The task: Return the listing below in full, exactly.

_ _ _ _ _ _ _

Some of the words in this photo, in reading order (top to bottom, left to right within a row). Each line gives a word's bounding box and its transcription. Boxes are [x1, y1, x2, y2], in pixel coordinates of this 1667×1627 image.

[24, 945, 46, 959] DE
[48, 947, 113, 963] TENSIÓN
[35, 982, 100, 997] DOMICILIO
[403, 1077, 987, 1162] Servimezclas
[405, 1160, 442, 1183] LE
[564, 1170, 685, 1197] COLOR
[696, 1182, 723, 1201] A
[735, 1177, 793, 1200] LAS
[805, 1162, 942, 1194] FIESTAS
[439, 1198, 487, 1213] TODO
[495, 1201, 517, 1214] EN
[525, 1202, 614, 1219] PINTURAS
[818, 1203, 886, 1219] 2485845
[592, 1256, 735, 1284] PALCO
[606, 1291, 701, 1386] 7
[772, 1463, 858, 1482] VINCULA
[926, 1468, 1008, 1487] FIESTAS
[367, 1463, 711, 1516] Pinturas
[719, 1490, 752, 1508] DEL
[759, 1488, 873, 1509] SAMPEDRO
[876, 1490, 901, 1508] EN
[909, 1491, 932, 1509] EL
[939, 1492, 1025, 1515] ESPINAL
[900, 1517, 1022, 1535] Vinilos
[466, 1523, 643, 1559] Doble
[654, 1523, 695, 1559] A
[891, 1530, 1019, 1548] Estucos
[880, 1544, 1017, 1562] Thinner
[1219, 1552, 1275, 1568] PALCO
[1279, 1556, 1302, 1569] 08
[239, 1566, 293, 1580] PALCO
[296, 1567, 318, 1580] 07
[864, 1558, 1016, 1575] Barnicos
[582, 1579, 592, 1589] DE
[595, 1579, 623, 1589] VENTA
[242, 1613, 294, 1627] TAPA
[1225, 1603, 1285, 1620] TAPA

_ _ _ _ _ _ _

Task result:
Some of the words in this photo, in reading order (top to bottom, left to right within a row). Each line gives a word's bounding box and its transcription. Boxes are [x1, y1, x2, y2], in pixel coordinates of this 1667×1627 image.

[24, 945, 46, 959] DE
[48, 947, 113, 963] TENSIÓN
[35, 982, 100, 997] DOMICILIO
[403, 1077, 987, 1162] Servimezclas
[405, 1160, 442, 1183] LE
[564, 1170, 685, 1197] COLOR
[696, 1182, 723, 1201] A
[735, 1177, 793, 1200] LAS
[805, 1162, 942, 1194] FIESTAS
[439, 1198, 487, 1213] TODO
[495, 1201, 517, 1214] EN
[525, 1202, 614, 1219] PINTURAS
[818, 1203, 886, 1219] 2485845
[592, 1256, 735, 1284] PALCO
[606, 1291, 701, 1386] 7
[772, 1463, 858, 1482] VINCULA
[926, 1468, 1008, 1487] FIESTAS
[367, 1463, 711, 1516] Pinturas
[719, 1490, 752, 1508] DEL
[759, 1488, 873, 1509] SAMPEDRO
[876, 1490, 901, 1508] EN
[909, 1491, 932, 1509] EL
[939, 1492, 1025, 1515] ESPINAL
[900, 1517, 1022, 1535] Vinilos
[466, 1523, 643, 1559] Doble
[654, 1523, 695, 1559] A
[891, 1530, 1019, 1548] Estucos
[880, 1544, 1017, 1562] Thinner
[1219, 1552, 1275, 1568] PALCO
[1279, 1556, 1302, 1569] 08
[239, 1566, 293, 1580] PALCO
[296, 1567, 318, 1580] 07
[864, 1558, 1016, 1575] Barnicos
[582, 1579, 592, 1589] DE
[595, 1579, 623, 1589] VENTA
[242, 1613, 294, 1627] TAPA
[1225, 1603, 1285, 1620] TAPA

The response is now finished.